What does it mean that the emplacement function adds a new element to a container via construction in place istead of via assignment?

Question

In Item 41 from Effective Modern C++ Scott Meyers mentions this difference and its impact on the efficiency of emplacement with respect to insertion.

I have some doubts about that, but before asking questions about that I need to understand what the difference between these two ways of adding an element is.

Consider the code sample from the book:

std::vector<std::string> vs;
// adding some elements to vs
vs.emplace(v.begin(), "xyzzy");

It's clear that after // adding some elements to vs, it could be that

• vs.capacity() == vs.size(), or
• vs.capacity() > vs.size().

Correspondingly,

• vs has to reallocate, and all pre-existing elments in vs (those named vs[0], vs[1], ... before the reallocation takes place) have to be move-constructed to the new memory locations (the new locations of vs[1], vs[2], ...)
• vs has to vs.resize(vs.size() + 1) and all pre-existing elements have to be move-assigned to the next index, obviously processing backward, from the last to the first element.
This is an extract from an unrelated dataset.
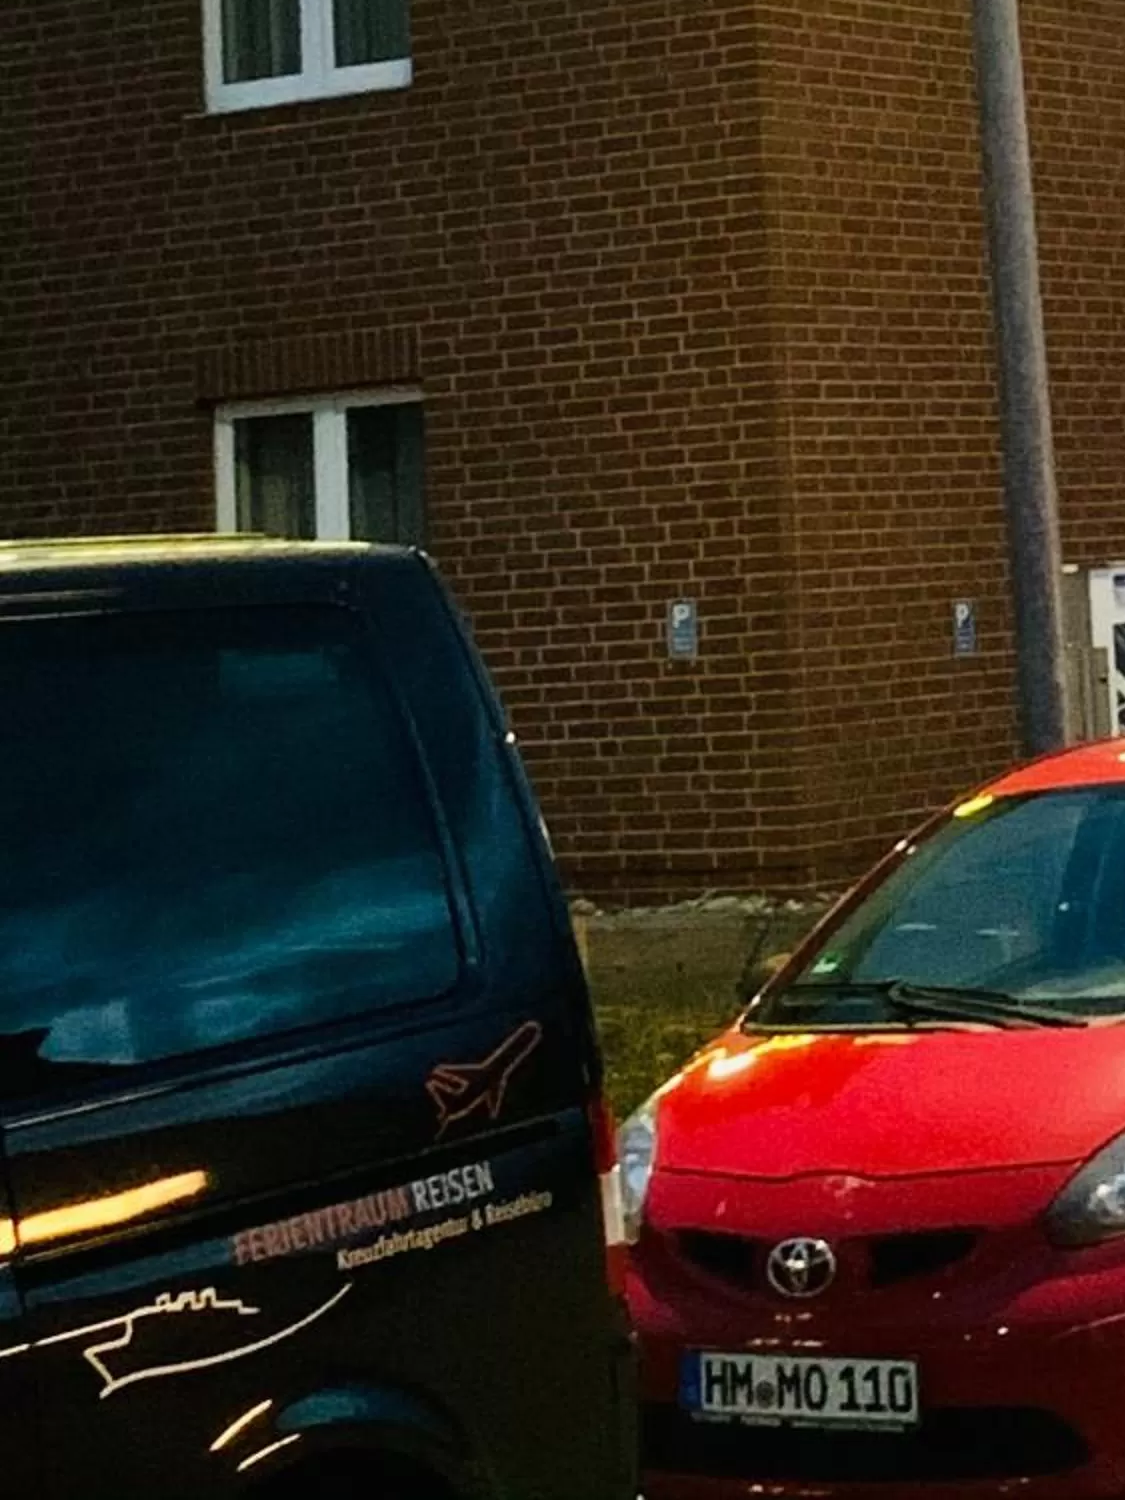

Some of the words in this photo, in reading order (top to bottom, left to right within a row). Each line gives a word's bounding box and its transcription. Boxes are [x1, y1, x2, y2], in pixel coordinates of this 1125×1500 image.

(Obviously I referred to move operations because std::string offers noexcept move operations. If this is not the case, then the scenario above is slightly different and copy operations will be used instead.)

However, going to the crux of my question, right after the code above, the book reads (my italic)

[…] few implementations will construct the added std::string into the memory occupied by vs[0]. Instead, they'll move-assign the value into place. […]

What are the two scenarios, after the room has been done to accomodate the new element?

• If emplace adds the element via move assignment, it means it does v[0] = std::string{strarg}; where strarg == "xyzzy", right?
• But what is the other case of contructing the element occupied by v[0]? Is it a placement new? And how would it look like? I guess it should be similar to the chunk of code at the section Placement new here, but I'm not sure how it would look like in this case.

Answer 1

There are many different ways to implement emplace, and the standard is pretty lax on how implementations must do it.

Given a pointer to somewhere allocated by std::allocator_traits<allocator_type>::allocate, the only way for a vector to construct a new object is with std::allocator_traits<allocator_type>::construct. For the default allocator, this will call placement new.

Now if a reallocation did occur, the obvious way to emplace the new element is to call allocator_traits::construct(get_allocator(), ptr, std::forward<Args>(args...)). This will be the equivalent of new (ptr) std::string("xyzzy"). But note that all other elements were also move constructed to the new buffer via allocator_traits::construct(get_allocator(), ptr, std::move(old_ptr)).

If a reallocation didn't occur, most implementations will just construct an element with value_type(std::forward<Args>(args...)) and move-assign from that (equivalent to v[0] = std::string("xyzzy")). This is what libstdc++ does.

Alternatively, instead of move constructing v[0] = std::string("xyzzy"), the object can be destroyed via allocator_traits::destroy ((&v[0])->~value_type() for the default allocator), and then it can be constructed in place via allocator_traits::construct. This seems like it would be harder to implement since special care would need to be taken to ensure that the element isn't destroyed twice if the move constructor throws, which is probably why only "few implementations" will do it.

As an aside, there is no strong exception guarantee, so move_if_noexcept doesn't have to be used and the move constructor may always be called, even if the move constructor is not noexcept.